Segment Start: MATERIAL SHOWN

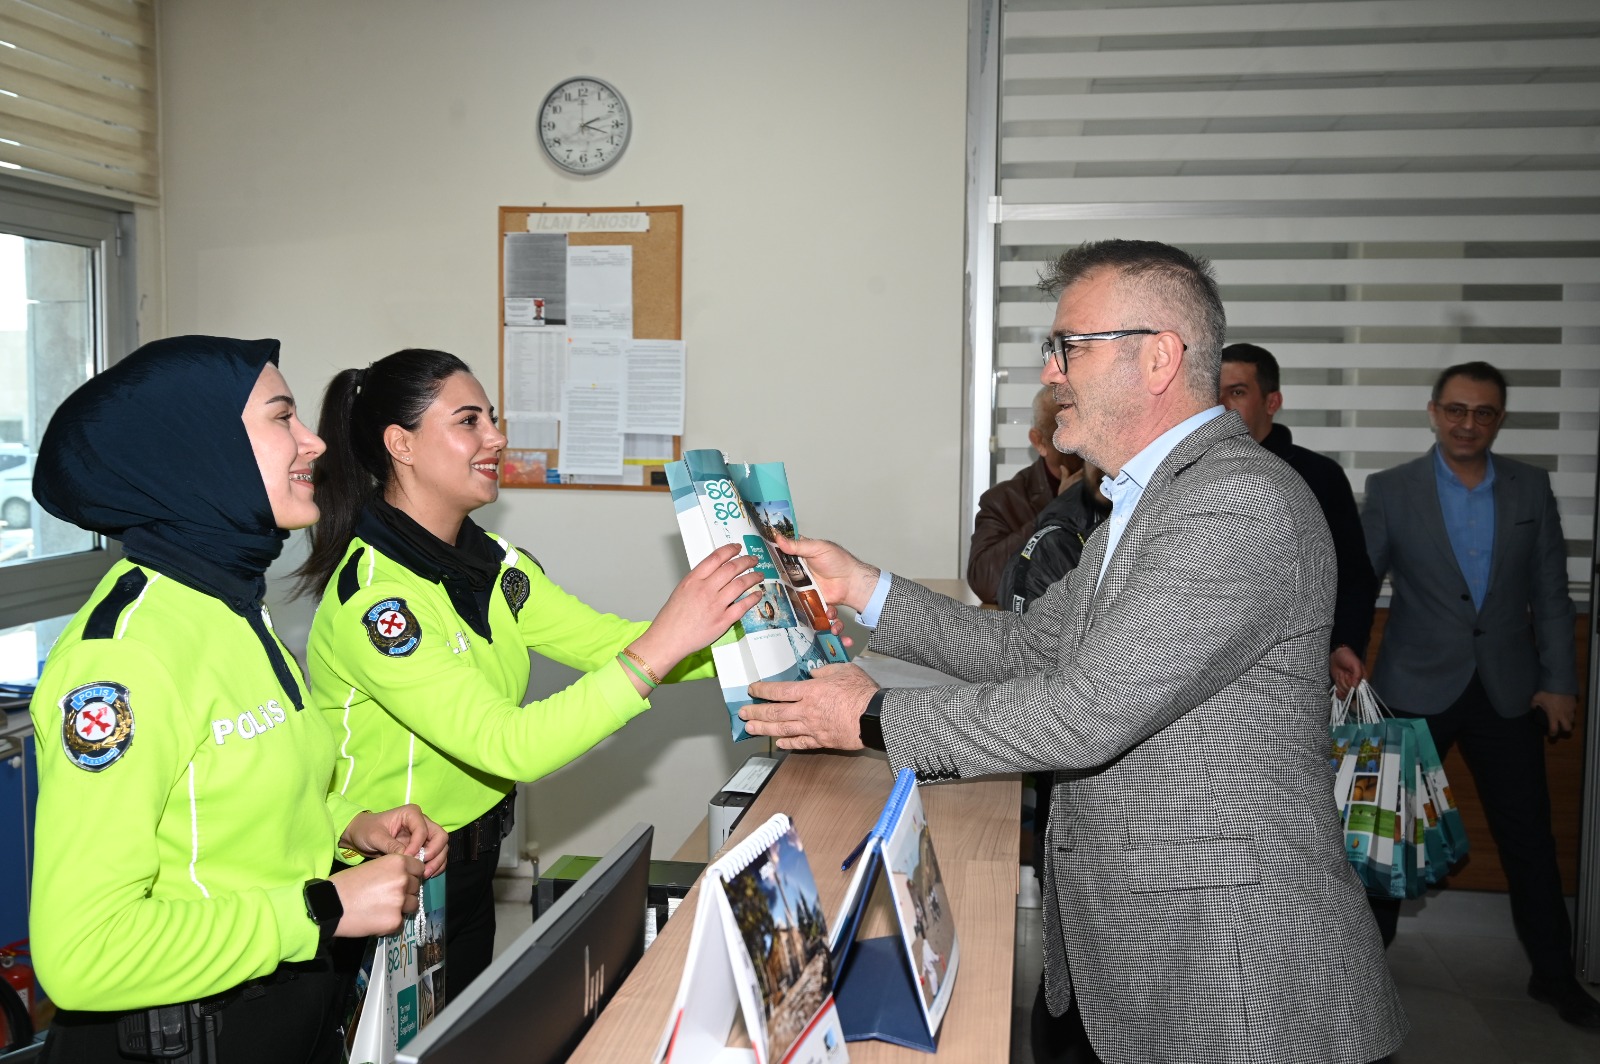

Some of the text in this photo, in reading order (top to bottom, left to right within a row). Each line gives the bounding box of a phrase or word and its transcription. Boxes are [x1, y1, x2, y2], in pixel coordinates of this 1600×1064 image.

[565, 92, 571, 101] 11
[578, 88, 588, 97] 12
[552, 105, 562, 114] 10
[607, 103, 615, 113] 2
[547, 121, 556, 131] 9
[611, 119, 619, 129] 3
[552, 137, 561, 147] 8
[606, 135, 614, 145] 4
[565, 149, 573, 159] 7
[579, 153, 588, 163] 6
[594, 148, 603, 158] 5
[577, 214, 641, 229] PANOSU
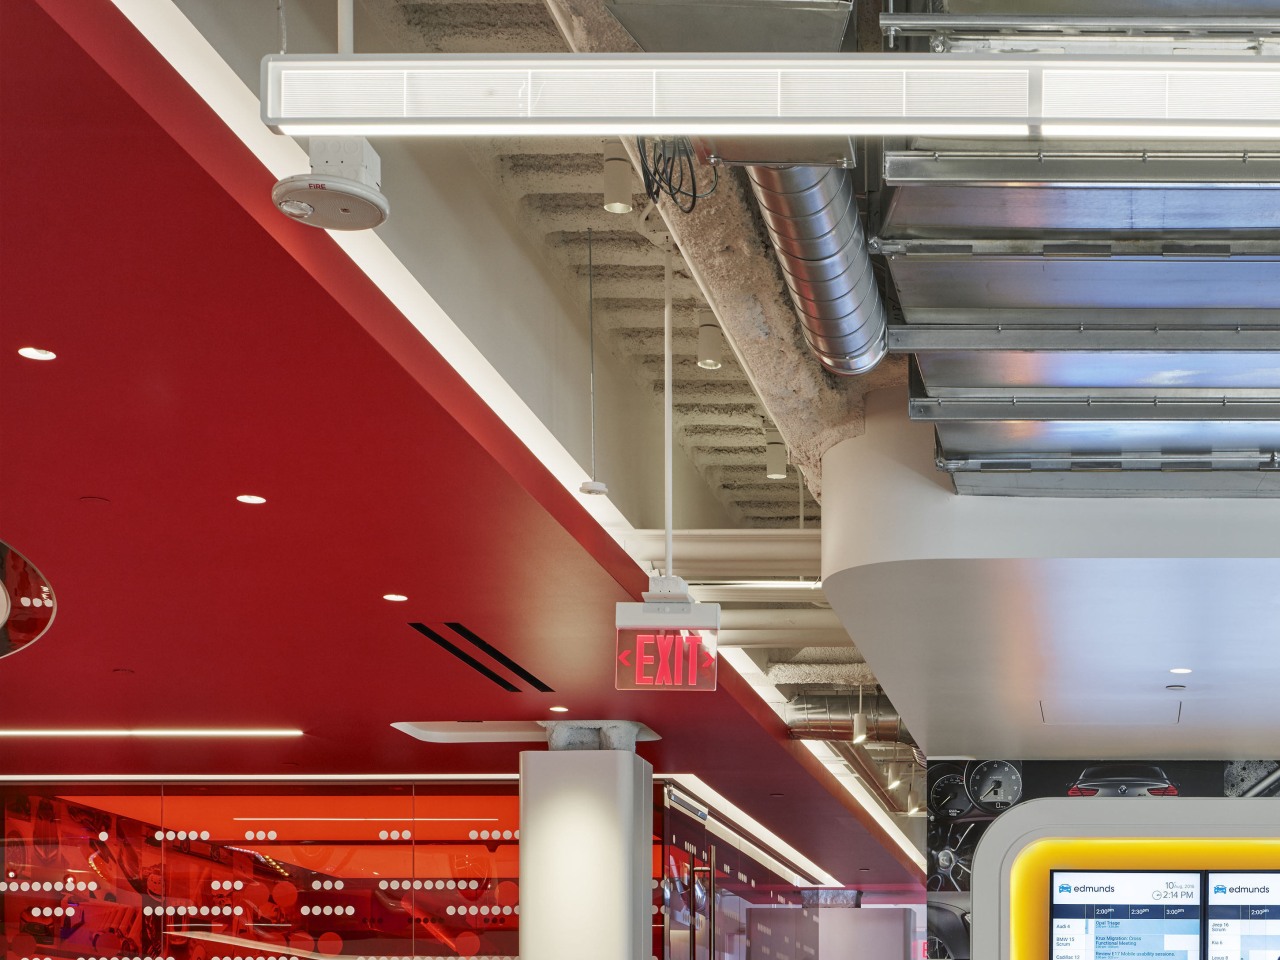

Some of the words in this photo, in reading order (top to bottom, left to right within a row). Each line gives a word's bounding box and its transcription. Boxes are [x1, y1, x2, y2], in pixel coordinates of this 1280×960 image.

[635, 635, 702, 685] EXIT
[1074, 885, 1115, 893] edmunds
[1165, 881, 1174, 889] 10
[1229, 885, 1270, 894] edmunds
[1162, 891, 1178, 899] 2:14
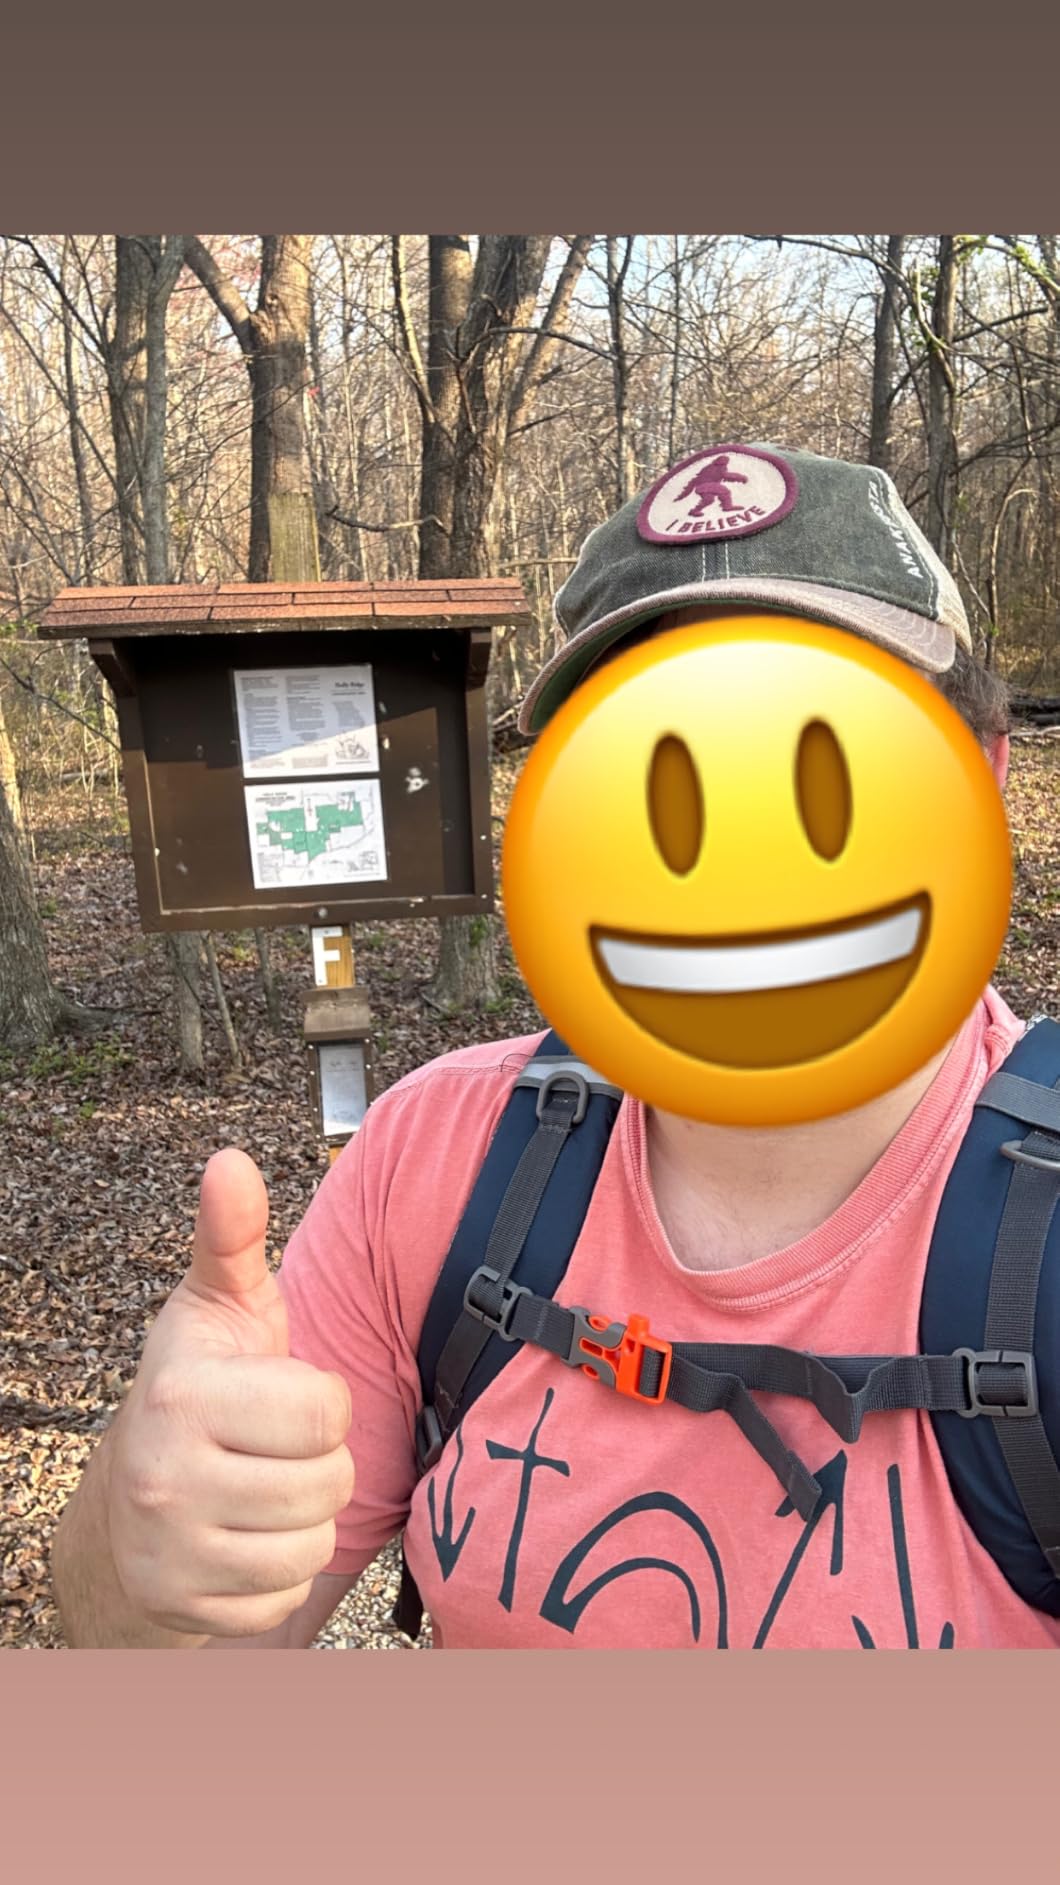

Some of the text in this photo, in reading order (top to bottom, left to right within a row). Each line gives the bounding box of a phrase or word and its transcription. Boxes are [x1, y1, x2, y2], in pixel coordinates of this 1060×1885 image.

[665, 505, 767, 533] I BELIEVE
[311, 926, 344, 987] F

Segment End: MATERIAL SHOWN

**TASK GOAL**: Every line above goes into the copy unchanged; the pictures do not.

**EXPECTED ANSWER**:
Some of the text in this photo, in reading order (top to bottom, left to right within a row). Each line gives the bounding box of a phrase or word and its transcription. Boxes are [x1, y1, x2, y2], in pixel coordinates of this 1600×1064 image.

[565, 92, 571, 101] 11
[578, 88, 588, 97] 12
[552, 105, 562, 114] 10
[607, 103, 615, 113] 2
[547, 121, 556, 131] 9
[611, 119, 619, 129] 3
[552, 137, 561, 147] 8
[606, 135, 614, 145] 4
[565, 149, 573, 159] 7
[579, 153, 588, 163] 6
[594, 148, 603, 158] 5
[577, 214, 641, 229] PANOSU

Some of the words in this photo, in reading order (top to bottom, left to right within a row). Each line gives a word's bounding box and its transcription. Boxes are [x1, y1, x2, y2], in pixel coordinates of this 1280×960 image.

[635, 635, 702, 685] EXIT
[1074, 885, 1115, 893] edmunds
[1165, 881, 1174, 889] 10
[1229, 885, 1270, 894] edmunds
[1162, 891, 1178, 899] 2:14

Some of the text in this photo, in reading order (top to bottom, left to right within a row). Each line gives the bounding box of a phrase or word and its transcription. Boxes are [x1, y1, x2, y2], in pixel coordinates of this 1060×1885 image.

[665, 505, 767, 533] I BELIEVE
[311, 926, 344, 987] F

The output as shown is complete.